Yeah, I tried all the devices and was never able to get anything through the HDMI port. Had no issues with, front panel, rear panel and optical out. Good to know it works on the GT520 as I was thinking about changing out the ion with a standard motherboard and video card.


----------



## mix_room (Dec 2, 2011)

What do you mean it doesn't work? 

Does the HDMI pairing work properly? Is the resolution properly transmitted? 

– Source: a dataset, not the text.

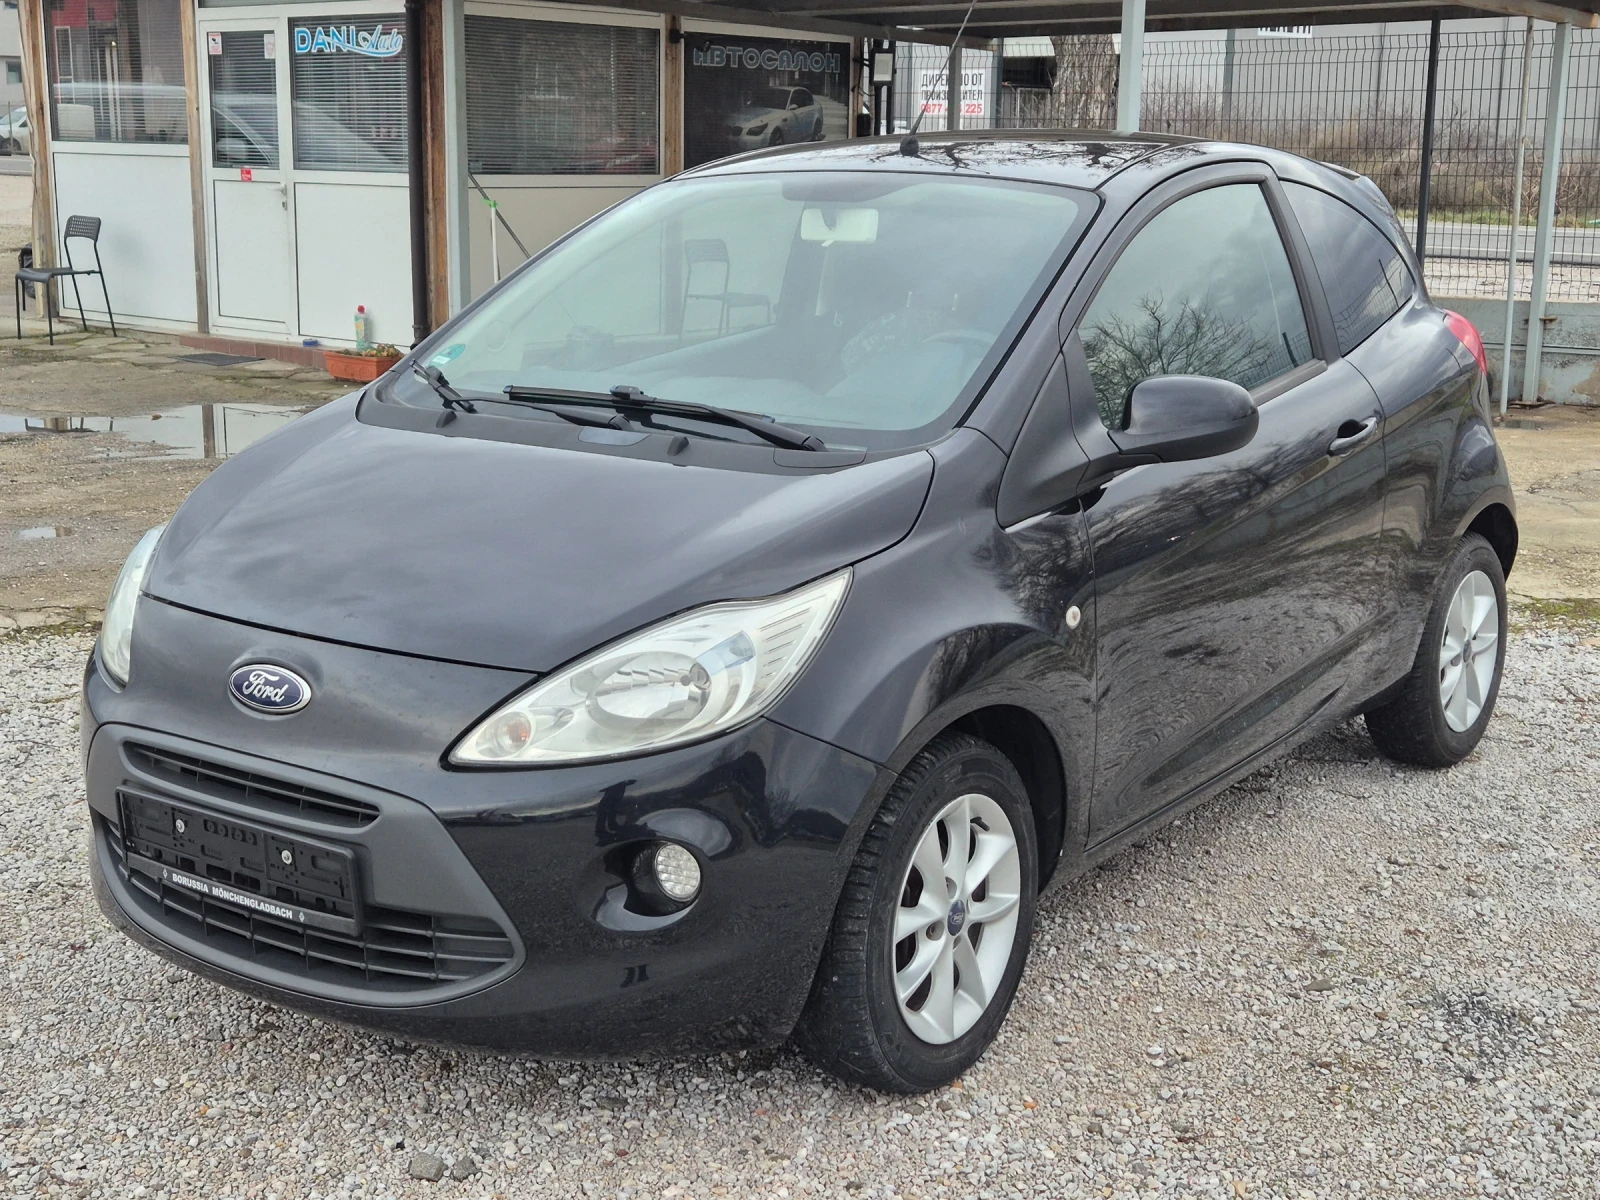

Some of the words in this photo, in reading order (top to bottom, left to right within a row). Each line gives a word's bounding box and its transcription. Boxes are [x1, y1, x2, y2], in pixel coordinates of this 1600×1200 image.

I had troubles with mine, it wasnt performing the handshake properly. This was solved with a firmware update in the TV.


----------



## brianc (Dec 2, 2011)

Sorry, to be clear... HDMI works fine, just no sound through HDMI and my tv only does sound over hdmi, or regular rca (red/white combo).


----------



## mav@ (Dec 2, 2011)

HDMI sound depends on two components: Xorg video driver should negotiate sound parameters with your TV and snd_hda driver should play sound via HDMI HDA device. I have no idea about NVIDIA, but I know AMD drivers have special Xorg options to enable HDMI audio. Make sure you have configured everything right there. Looking on Linux code, seems like NVIDIA (unlike AMD) uses nonstandard HDA extensions, so I have no idea whether it works now.


----------



## brianc (Dec 3, 2011)

As far as I can tell everything is configured properly. I could not find anything in the NVidia docs about having to add anything to xorg.conf like AMD. 

dmesg:

```
hdac0: HDA Codec #0: Realtek ALC887
hdac0: HDA Codec #3: NVidia MCP7A HDMI
pcm0: <HDA Realtek ALC887 PCM #0 Analog> at cad 0 nid 1 on hdac0
pcm1: <HDA Realtek ALC887 PCM #1 Analog> at cad 0 nid 1 on hdac0
pcm2: <HDA Realtek ALC887 PCM #2 Digital> at cad 0 nid 1 on hdac0
pcm3: <HDA NVidia MCP7A HDMI PCM #0 Digital> at cad 3 nid 1 on hdac0
```

`cat /dev/sndstat` 

```
FreeBSD Audio Driver (newpcm: 64bit 2009061500/amd64)
Installed devices:
pcm0: <HDA Realtek ALC887 PCM #0 Analog> (play/rec)
pcm1: <HDA Realtek ALC887 PCM #1 Analog> (play/rec)
pcm2: <HDA Realtek ALC887 PCM #2 Digital> (play)
pcm3: <HDA NVidia MCP7A HDMI PCM #0 Digital> (play) default
```

pcm0,1,2 all work properly.


----------



## mix_room (Dec 6, 2011)

[cmd=""]>cat /dev/sndstat[/cmd]


```
FreeBSD Audio Driver (newpcm: 64bit 2009061500/amd64)
Installed devices:
pcm0: <HDA NVidia (Unknown) PCM #0 DisplayPort> (play)
pcm1: <HDA NVidia (Unknown) PCM #1 DisplayPort> (play) default
pcm2: <HDA Realtek ALC885 PCM #0 Analog> (play)
pcm3: <HDA Realtek ALC885 PCM #1 Analog> (play)
pcm4: <HDA Realtek ALC885 PCM #2 Digital> (play/rec)
```

[cmd=""]>sysctl -a [/cmd]

```
... 
hw.snd.default_unit: 1
...
```

It seems as though your settings are similar to mine. I have no extra information in Xorg.conf like I used to have with my Radeon-card. 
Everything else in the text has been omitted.